Independente de quem vença o conflito andino, a Vinlândia, portanto, já ascende como força a ser considerada no xadrez geopolítico europeu. E ao mesmo tempo em que se articula com as potências coloniais européias, defende também seus próprios interesses na guerra, o que a conduz a um choque inevitável com o governo colonial português incrustado no altiplano mexicano. Após anos de sangrentas contendas, uma grande e decisiva batalha coloca de lados opostos Atahualpa e seus aliados portugueses, e Huascar com sua coalizão européia e vinlandesa. Unindo-se a Pizarro, Huascar derrotou o irmão na história real, e amparando-se em um amplo leque de alianças, teria derrotado Atahualpa também na história imaginária. Seguir-se-ia à vitória definitiva a sua coroação como legítimo sucessor do grande Manco Capac, mas a essa altura dos acontecimentos ele não seria muito mais que um monarca fantoche, tendo que se curvar ante os interesses ingleses, holandeses, franceses e, sobretudo, vinlandeses.


Antes que a reforma religiosa pusesse a Europa em polvorosa, uma grande rivalidade já havia nascido do lado de cá do Atlântico.
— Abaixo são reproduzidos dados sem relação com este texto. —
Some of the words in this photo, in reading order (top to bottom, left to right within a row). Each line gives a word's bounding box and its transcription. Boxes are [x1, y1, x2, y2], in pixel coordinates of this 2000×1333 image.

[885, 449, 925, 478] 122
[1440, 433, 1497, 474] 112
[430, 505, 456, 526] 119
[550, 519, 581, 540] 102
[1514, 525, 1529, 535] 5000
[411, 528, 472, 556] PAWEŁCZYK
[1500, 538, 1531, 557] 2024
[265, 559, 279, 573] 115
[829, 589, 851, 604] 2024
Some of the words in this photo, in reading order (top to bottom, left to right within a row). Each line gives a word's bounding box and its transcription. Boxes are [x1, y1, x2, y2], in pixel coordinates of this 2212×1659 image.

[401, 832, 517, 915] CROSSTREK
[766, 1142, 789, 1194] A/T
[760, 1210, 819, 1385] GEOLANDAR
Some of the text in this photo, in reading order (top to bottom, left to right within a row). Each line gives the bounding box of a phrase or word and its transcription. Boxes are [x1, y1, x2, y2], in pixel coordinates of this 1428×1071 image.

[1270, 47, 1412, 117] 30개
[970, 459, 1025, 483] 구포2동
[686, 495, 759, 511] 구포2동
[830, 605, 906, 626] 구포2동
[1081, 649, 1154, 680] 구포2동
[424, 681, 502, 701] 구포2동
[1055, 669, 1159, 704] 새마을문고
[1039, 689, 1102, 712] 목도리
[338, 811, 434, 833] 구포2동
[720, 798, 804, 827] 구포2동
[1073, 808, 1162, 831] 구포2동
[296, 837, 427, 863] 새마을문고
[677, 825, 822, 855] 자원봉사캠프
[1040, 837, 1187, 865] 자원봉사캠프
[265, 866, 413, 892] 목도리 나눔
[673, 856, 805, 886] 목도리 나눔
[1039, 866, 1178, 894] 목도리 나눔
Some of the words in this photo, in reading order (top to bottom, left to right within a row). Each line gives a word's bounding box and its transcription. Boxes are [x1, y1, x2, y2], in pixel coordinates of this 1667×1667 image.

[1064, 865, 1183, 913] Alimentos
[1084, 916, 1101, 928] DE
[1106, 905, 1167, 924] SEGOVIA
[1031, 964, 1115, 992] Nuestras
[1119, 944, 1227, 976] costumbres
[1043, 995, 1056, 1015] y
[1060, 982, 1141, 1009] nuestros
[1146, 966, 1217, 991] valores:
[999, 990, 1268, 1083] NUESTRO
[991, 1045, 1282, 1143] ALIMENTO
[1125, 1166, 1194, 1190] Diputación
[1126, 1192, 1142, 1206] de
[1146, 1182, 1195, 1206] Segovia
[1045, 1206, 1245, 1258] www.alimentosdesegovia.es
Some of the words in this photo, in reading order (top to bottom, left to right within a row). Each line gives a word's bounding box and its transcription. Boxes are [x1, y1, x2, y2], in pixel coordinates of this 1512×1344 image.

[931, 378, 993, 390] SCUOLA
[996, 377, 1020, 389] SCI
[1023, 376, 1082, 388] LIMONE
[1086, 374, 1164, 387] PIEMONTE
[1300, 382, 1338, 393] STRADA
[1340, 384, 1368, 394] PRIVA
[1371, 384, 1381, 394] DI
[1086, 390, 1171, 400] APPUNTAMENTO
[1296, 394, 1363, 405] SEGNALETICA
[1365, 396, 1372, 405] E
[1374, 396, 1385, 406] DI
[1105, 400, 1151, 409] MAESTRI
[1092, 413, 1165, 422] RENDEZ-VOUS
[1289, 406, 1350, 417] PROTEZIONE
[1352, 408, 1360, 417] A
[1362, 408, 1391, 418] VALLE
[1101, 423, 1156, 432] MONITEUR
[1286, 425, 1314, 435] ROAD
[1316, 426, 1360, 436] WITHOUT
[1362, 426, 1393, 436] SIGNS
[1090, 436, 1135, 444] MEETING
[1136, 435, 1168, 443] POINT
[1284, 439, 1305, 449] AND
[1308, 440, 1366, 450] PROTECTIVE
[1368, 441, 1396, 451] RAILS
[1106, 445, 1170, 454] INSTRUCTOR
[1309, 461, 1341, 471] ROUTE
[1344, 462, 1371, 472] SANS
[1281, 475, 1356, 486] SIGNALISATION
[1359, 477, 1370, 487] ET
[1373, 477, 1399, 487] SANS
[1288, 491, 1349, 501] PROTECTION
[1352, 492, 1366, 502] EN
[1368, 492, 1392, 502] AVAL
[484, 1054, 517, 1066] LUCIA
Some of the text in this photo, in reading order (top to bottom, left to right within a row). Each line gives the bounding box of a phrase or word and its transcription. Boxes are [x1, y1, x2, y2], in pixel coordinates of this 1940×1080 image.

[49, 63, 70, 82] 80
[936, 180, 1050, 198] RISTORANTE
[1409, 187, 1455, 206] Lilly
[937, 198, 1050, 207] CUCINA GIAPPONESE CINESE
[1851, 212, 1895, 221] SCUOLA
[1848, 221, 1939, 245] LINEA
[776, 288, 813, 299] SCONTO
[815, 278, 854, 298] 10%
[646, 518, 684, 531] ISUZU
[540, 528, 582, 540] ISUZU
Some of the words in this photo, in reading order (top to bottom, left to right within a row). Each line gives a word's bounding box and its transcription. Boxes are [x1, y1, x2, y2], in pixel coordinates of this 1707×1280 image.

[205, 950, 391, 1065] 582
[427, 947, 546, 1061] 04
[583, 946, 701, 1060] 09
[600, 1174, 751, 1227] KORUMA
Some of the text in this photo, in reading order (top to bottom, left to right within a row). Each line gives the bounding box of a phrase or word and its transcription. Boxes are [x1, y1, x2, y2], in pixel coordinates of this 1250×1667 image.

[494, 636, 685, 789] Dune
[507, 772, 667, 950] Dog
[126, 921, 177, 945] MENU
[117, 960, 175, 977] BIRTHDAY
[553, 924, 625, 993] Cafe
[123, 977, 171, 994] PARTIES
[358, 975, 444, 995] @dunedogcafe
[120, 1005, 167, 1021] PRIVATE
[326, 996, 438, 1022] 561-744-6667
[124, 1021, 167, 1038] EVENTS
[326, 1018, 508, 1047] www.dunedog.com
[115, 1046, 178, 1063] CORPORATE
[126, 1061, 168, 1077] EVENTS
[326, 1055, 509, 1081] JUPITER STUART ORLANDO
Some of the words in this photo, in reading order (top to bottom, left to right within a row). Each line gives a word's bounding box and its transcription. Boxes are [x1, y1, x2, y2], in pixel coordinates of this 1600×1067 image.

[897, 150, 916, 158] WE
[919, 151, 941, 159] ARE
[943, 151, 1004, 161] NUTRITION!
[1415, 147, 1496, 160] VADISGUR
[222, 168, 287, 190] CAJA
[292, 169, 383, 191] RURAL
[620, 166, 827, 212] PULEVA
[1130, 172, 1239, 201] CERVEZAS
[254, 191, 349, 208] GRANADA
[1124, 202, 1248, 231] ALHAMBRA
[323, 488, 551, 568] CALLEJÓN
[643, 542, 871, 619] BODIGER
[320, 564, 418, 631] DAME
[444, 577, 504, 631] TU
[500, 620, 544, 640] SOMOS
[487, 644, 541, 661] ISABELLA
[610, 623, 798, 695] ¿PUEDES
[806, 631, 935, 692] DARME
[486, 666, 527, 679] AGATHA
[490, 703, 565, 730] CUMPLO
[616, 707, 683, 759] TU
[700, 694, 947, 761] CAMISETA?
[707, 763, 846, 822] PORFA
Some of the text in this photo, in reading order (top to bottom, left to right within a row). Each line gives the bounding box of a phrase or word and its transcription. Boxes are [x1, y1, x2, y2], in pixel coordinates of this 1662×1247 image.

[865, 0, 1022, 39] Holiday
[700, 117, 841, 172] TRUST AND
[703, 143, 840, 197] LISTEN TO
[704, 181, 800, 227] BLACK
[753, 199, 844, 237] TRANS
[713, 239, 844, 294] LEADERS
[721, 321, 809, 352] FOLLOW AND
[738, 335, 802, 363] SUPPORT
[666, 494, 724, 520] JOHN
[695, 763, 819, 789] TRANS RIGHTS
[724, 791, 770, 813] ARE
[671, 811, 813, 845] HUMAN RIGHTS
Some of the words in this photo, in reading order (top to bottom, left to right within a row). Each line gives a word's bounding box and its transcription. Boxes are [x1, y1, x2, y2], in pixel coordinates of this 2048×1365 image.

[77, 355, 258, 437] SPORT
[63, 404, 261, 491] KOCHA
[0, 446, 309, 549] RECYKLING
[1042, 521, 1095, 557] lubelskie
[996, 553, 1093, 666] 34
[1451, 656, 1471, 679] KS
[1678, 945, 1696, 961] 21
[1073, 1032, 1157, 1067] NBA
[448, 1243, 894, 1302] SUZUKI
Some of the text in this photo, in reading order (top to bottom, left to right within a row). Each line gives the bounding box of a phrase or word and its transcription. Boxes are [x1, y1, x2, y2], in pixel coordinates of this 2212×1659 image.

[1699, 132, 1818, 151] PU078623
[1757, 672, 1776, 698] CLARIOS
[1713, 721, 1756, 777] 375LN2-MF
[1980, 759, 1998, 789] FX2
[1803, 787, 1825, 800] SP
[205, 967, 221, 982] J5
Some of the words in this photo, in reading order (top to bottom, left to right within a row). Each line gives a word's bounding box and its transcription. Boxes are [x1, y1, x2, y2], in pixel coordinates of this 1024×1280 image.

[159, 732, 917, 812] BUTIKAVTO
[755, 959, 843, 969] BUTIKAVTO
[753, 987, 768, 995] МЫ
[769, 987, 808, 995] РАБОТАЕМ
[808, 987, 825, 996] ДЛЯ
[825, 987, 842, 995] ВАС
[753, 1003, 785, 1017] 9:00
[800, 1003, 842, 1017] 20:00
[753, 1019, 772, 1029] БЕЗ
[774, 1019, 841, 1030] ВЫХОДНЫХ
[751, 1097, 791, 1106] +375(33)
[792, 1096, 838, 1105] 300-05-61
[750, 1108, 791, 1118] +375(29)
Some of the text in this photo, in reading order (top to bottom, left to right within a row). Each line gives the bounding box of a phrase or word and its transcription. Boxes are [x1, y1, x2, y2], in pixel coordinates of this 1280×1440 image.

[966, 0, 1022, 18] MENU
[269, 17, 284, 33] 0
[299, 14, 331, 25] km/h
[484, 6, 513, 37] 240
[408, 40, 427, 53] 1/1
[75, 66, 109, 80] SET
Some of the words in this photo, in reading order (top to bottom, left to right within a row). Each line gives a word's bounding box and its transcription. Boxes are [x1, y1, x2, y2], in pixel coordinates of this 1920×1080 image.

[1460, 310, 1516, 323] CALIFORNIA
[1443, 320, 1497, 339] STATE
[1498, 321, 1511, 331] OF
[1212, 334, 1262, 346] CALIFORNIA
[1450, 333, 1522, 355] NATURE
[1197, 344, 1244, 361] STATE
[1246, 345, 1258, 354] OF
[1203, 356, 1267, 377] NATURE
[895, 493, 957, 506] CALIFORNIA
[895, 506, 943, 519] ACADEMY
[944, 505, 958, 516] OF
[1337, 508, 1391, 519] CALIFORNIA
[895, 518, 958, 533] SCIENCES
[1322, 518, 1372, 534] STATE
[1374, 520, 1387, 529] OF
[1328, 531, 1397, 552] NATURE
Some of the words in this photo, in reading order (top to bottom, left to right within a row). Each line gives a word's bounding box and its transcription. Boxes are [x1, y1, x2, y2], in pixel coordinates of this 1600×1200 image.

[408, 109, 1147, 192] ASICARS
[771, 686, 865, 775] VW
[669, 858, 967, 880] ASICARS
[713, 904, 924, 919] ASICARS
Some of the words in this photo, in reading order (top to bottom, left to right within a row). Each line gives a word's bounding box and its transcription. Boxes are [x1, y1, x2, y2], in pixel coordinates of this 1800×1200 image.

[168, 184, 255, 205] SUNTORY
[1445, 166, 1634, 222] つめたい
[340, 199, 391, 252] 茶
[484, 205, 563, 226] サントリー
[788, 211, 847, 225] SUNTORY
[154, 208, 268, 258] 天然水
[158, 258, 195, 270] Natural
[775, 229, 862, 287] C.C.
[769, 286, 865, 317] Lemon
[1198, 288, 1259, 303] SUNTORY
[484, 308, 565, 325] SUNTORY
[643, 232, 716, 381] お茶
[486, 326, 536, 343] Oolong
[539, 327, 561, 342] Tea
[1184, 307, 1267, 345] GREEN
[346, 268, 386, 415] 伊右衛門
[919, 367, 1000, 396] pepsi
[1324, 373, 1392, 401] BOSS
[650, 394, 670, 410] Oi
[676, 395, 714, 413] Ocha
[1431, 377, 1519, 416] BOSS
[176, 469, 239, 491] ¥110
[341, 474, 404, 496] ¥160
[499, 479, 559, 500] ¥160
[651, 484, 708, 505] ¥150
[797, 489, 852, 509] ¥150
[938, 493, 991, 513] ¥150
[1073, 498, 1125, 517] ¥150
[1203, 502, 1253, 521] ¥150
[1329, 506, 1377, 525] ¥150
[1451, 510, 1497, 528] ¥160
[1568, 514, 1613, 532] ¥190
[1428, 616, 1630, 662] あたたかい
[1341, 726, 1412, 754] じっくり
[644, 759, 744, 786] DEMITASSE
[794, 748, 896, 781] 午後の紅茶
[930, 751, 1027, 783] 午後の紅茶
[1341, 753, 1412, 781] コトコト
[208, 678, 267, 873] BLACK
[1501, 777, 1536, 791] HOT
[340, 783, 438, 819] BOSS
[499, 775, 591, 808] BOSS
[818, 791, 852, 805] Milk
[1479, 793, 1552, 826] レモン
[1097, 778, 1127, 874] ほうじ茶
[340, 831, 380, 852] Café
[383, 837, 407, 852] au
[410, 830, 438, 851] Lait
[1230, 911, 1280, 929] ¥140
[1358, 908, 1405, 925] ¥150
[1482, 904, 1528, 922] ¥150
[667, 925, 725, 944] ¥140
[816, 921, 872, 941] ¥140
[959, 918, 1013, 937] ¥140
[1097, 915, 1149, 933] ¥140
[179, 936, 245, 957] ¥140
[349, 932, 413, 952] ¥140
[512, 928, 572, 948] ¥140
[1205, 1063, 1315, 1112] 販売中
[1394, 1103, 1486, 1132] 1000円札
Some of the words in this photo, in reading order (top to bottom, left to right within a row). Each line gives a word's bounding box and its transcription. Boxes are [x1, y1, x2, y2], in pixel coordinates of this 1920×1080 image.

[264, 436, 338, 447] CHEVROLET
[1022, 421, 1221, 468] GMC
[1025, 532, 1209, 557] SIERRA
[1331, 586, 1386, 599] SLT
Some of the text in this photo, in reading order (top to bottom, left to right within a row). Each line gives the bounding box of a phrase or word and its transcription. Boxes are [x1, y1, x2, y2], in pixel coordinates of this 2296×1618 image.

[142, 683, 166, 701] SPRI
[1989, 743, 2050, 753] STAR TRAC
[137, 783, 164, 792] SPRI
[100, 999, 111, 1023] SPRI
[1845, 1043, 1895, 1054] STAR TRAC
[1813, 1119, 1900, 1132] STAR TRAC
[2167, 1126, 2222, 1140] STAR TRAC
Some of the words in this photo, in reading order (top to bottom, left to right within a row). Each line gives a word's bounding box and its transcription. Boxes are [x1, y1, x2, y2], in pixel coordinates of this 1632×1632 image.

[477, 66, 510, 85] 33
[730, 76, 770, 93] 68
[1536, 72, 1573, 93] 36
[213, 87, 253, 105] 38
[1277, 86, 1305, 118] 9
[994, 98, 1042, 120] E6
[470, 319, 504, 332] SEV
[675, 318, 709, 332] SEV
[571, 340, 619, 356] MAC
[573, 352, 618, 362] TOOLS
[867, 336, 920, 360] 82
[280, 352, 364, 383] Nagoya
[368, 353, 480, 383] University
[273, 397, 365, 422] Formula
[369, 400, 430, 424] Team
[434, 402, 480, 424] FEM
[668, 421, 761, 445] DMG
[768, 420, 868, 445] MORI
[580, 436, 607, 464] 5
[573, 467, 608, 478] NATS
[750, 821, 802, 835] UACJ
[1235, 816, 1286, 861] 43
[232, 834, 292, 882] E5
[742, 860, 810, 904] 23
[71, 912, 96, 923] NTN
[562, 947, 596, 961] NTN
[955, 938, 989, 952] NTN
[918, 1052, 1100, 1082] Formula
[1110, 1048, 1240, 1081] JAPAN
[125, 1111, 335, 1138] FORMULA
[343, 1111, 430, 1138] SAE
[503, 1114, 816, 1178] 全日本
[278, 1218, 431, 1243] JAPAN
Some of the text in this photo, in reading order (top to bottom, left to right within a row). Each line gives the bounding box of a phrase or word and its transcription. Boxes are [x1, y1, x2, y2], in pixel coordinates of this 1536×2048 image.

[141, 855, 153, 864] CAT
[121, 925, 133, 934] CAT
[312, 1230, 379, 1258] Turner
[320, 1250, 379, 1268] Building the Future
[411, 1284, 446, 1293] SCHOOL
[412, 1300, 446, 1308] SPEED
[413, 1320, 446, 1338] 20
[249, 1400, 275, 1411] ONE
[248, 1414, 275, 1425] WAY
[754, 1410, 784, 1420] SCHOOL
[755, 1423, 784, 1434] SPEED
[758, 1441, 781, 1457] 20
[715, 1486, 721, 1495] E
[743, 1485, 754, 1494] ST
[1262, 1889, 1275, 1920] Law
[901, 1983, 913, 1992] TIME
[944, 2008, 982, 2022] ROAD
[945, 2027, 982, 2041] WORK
Definhando o comércio das especiarias orientais, Portugal voltar-se-ia definitivamente para suas conquistas ocidentais. A opinião geral em Lisboa era a de que os lusos haviam perdido a guerra inca por ter dividido seus esforços entre o oriente e o ocidente. E o grande inimigo a ser confrontado já estava mais do que identificado: a Vinlândia, o reino nórdico medieval que havia expandido suas fronteiras na América do Norte graças à imigração e que já era uma potência agrícola, manufatureira e militar. Os ingleses, espertos como só eles e grandes navegadores, estabeleceram-se no estuário do Rio da Prata, e transformaram-se no grande entreposto entre a prata e o ouro peruanos e os mercados europeus, além de haverem resguardado para si trechos da costa brasileira onde tentavam plantar cana-de-açúcar e algodão. Holandeses e franceses, ocupantes do restante de nossa costa, tratavam também de consolidar suas conquistas aqui e nas Antilhas, enquanto Portugal, exaurido pela aventura oriental e com população diminuta demais para colonizar e defender um território tão grande e cobiçado quanto a América Central, compõe alianças com seus vizinhos ibéricos na tentativa de fortalecer suas colônias.


(No próximo capítulo: o fluxo de escravos africanos para as plantations; a Reforma e suas implicações no equilíbrio de forças na América; a união ibérica e uma nova grande guerra no Novo Mundo)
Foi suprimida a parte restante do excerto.